Saved entries
===============

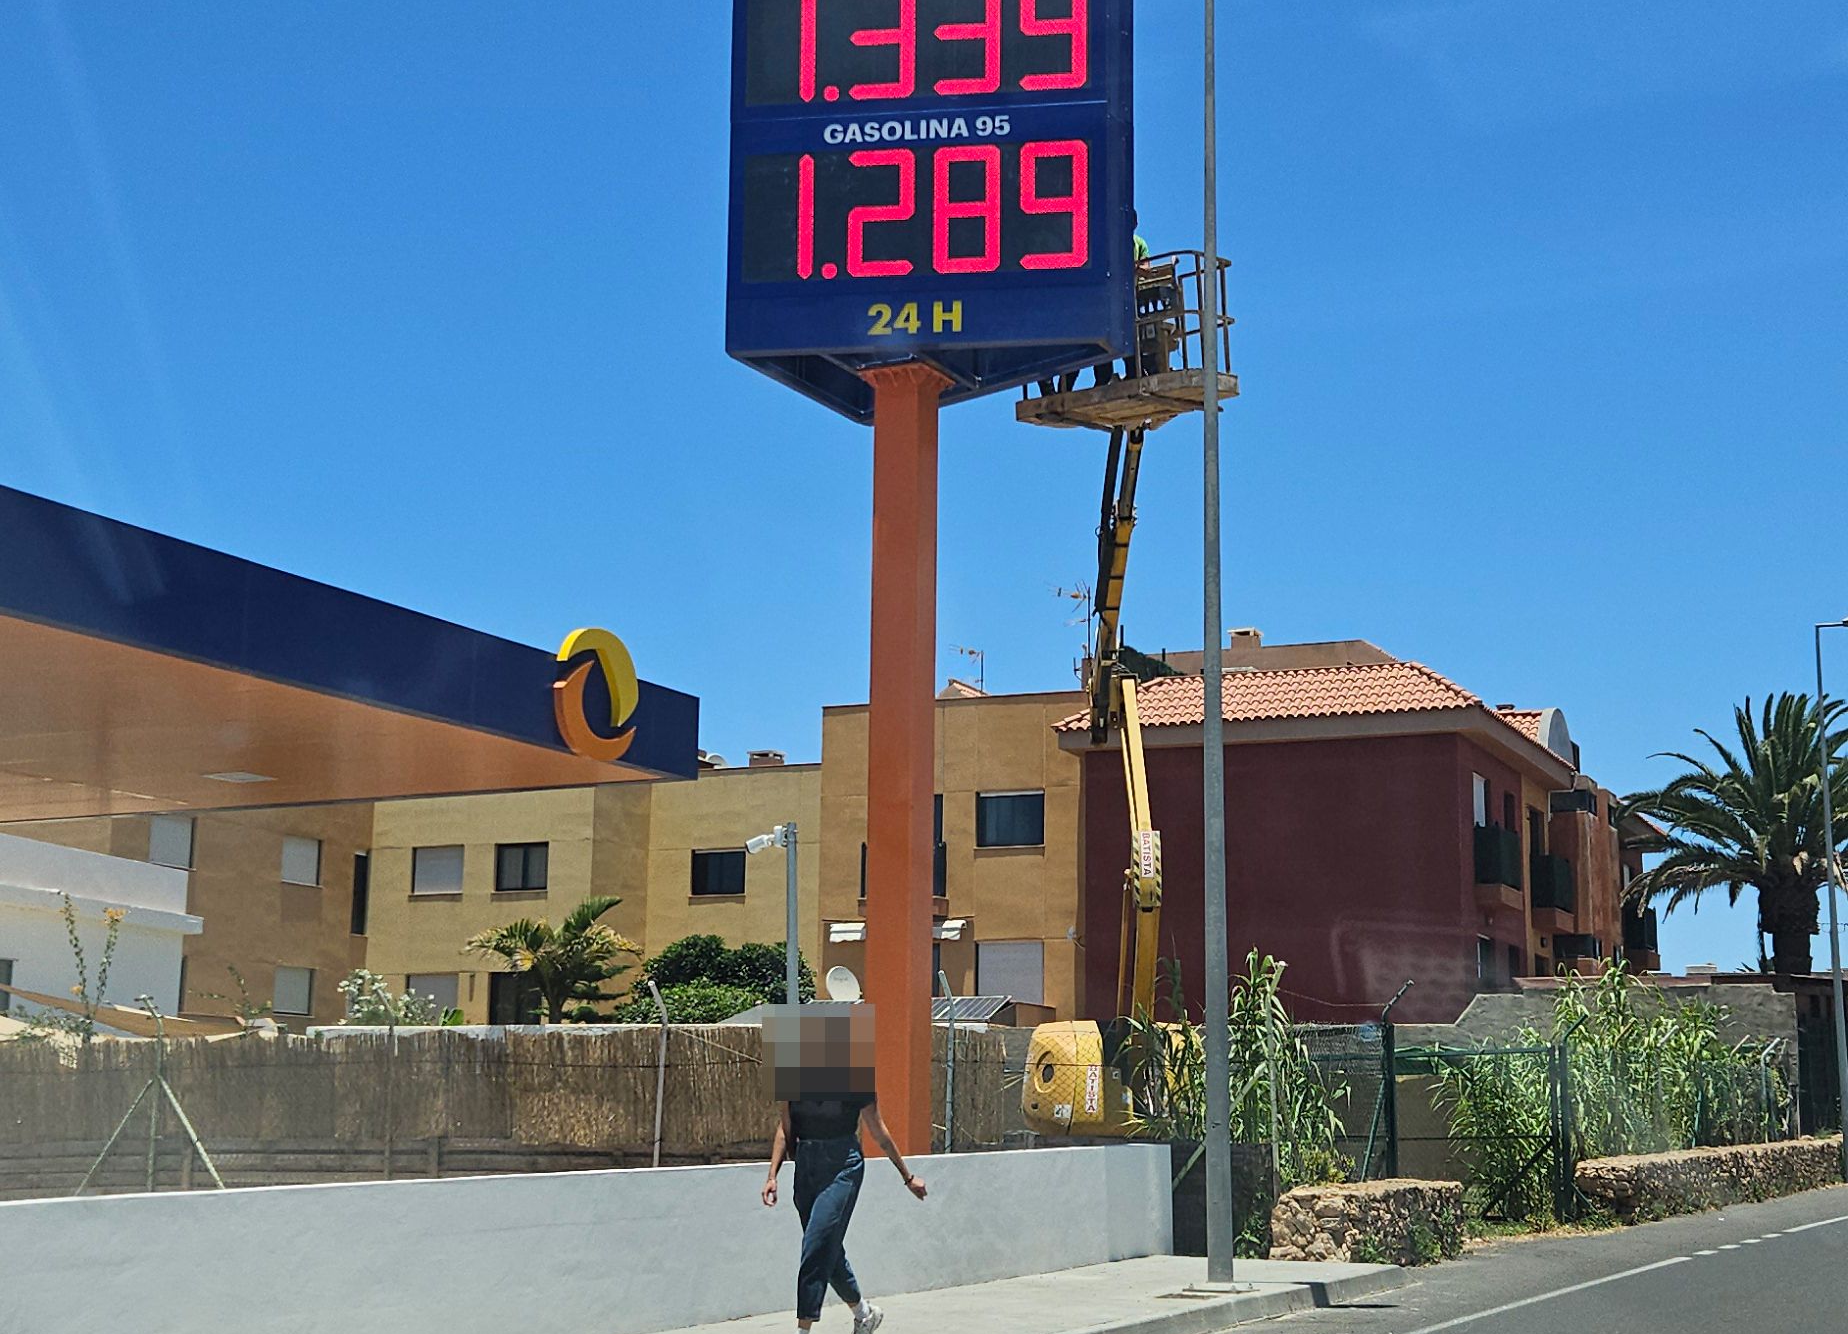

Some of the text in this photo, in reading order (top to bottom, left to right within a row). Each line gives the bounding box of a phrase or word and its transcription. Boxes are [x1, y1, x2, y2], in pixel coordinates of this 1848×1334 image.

[823, 115, 1011, 144] GASOLINA 95
[797, 139, 1089, 280] 1.289
[867, 300, 962, 335] 24 H
[1142, 832, 1152, 876] BATISTA
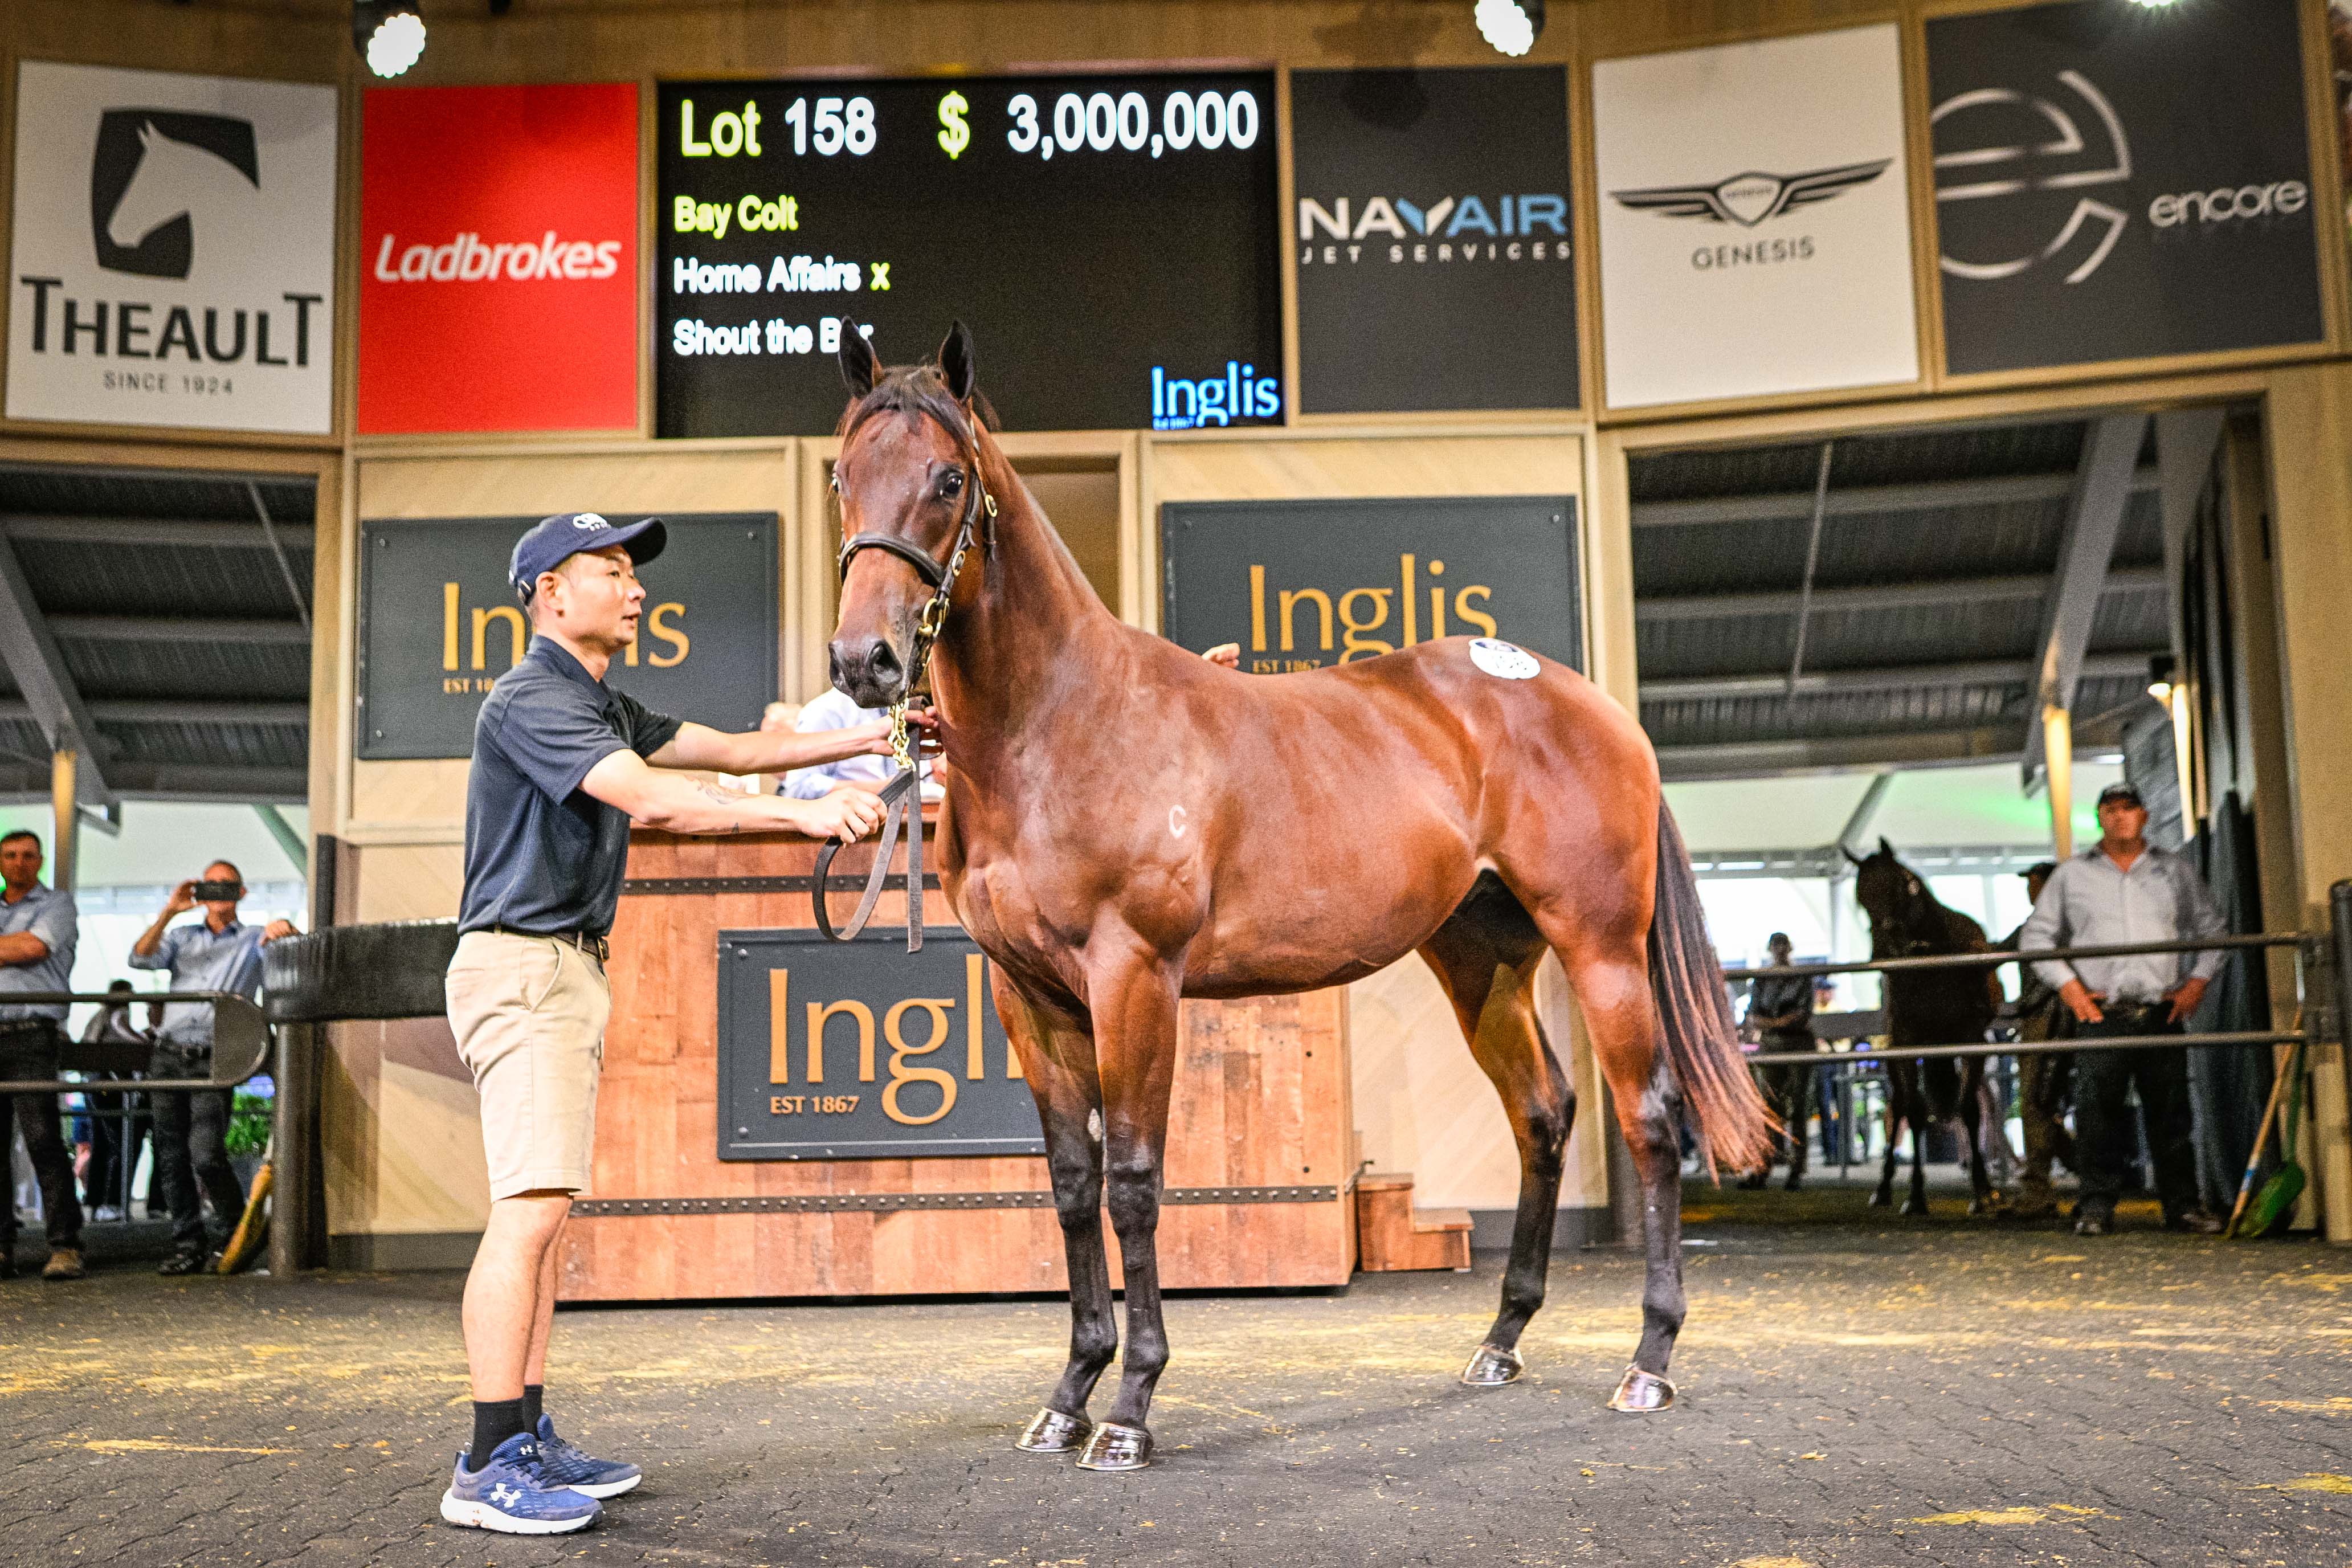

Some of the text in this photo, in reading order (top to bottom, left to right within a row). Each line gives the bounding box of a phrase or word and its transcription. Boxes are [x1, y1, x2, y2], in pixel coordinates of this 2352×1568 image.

[681, 89, 1259, 161] Lot 158 $ 3,000,000
[673, 194, 799, 240] Bay Colt
[1299, 195, 1568, 240] NAVAIR
[2147, 179, 2309, 228] encore
[374, 230, 622, 283] Ladbrokes
[673, 255, 891, 295] Home Affairs x
[1301, 240, 1571, 265] JET SERVICES
[1690, 235, 1816, 271] GENESIS
[21, 276, 324, 368] THEAULT
[672, 316, 874, 357] Shout the Br
[103, 369, 233, 395] SINCE 1924
[1151, 360, 1280, 427] Inglis
[443, 582, 690, 671] Ins
[1250, 553, 1497, 665] Inglis
[770, 954, 1024, 1125] Ingl
[770, 1096, 860, 1114] EST 1867
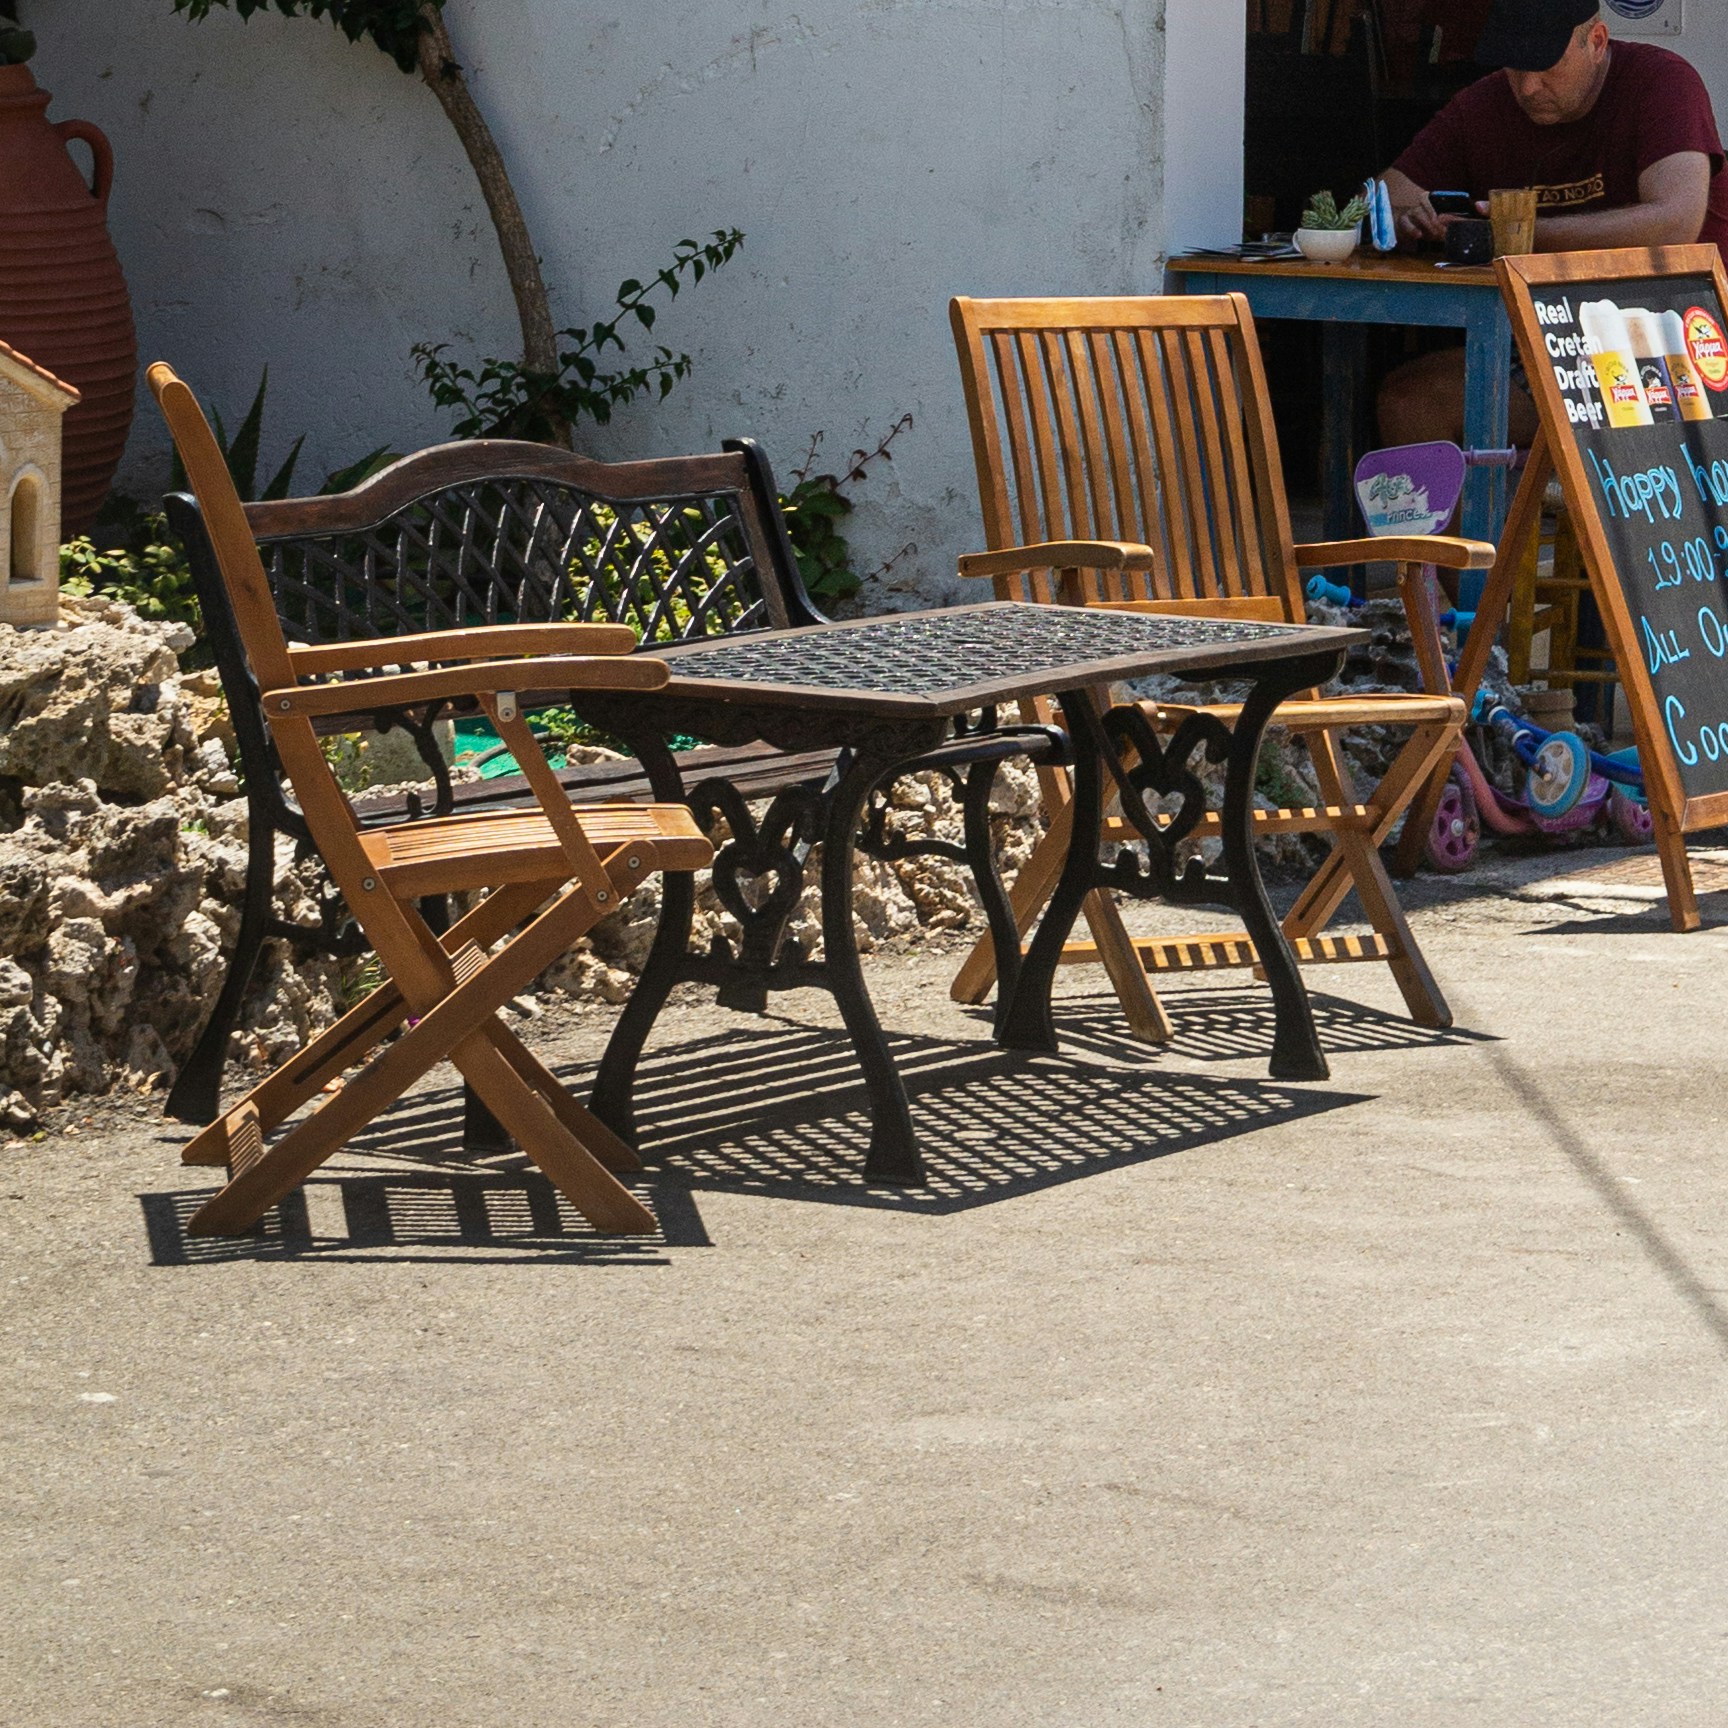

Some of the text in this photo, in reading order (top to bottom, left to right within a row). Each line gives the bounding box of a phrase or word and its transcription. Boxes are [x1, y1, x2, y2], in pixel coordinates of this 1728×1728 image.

===============

• **Task brief**: Reproduce each entry exactly, without the pictures.

• **Problem solution**:
Some of the text in this photo, in reading order (top to bottom, left to right within a row). Each line gives the bounding box of a phrase or word and its transcription. Boxes are [x1, y1, x2, y2], in pixel coordinates of this 1848×1334 image.

[823, 115, 1011, 144] GASOLINA 95
[797, 139, 1089, 280] 1.289
[867, 300, 962, 335] 24 H
[1142, 832, 1152, 876] BATISTA

Some of the text in this photo, in reading order (top to bottom, left to right within a row). Each line gives the bounding box of a phrase or word and its transcription. Boxes are [x1, y1, x2, y2], in pixel coordinates of this 2352×1568 image.

[681, 89, 1259, 161] Lot 158 $ 3,000,000
[673, 194, 799, 240] Bay Colt
[1299, 195, 1568, 240] NAVAIR
[2147, 179, 2309, 228] encore
[374, 230, 622, 283] Ladbrokes
[673, 255, 891, 295] Home Affairs x
[1301, 240, 1571, 265] JET SERVICES
[1690, 235, 1816, 271] GENESIS
[21, 276, 324, 368] THEAULT
[672, 316, 874, 357] Shout the Br
[103, 369, 233, 395] SINCE 1924
[1151, 360, 1280, 427] Inglis
[443, 582, 690, 671] Ins
[1250, 553, 1497, 665] Inglis
[770, 954, 1024, 1125] Ingl
[770, 1096, 860, 1114] EST 1867

Some of the text in this photo, in reading order (top to bottom, left to right within a row). Each line gives the bounding box of a phrase or word and its transcription. Boxes are [x1, y1, x2, y2], in pixel coordinates of this 1728×1728 image.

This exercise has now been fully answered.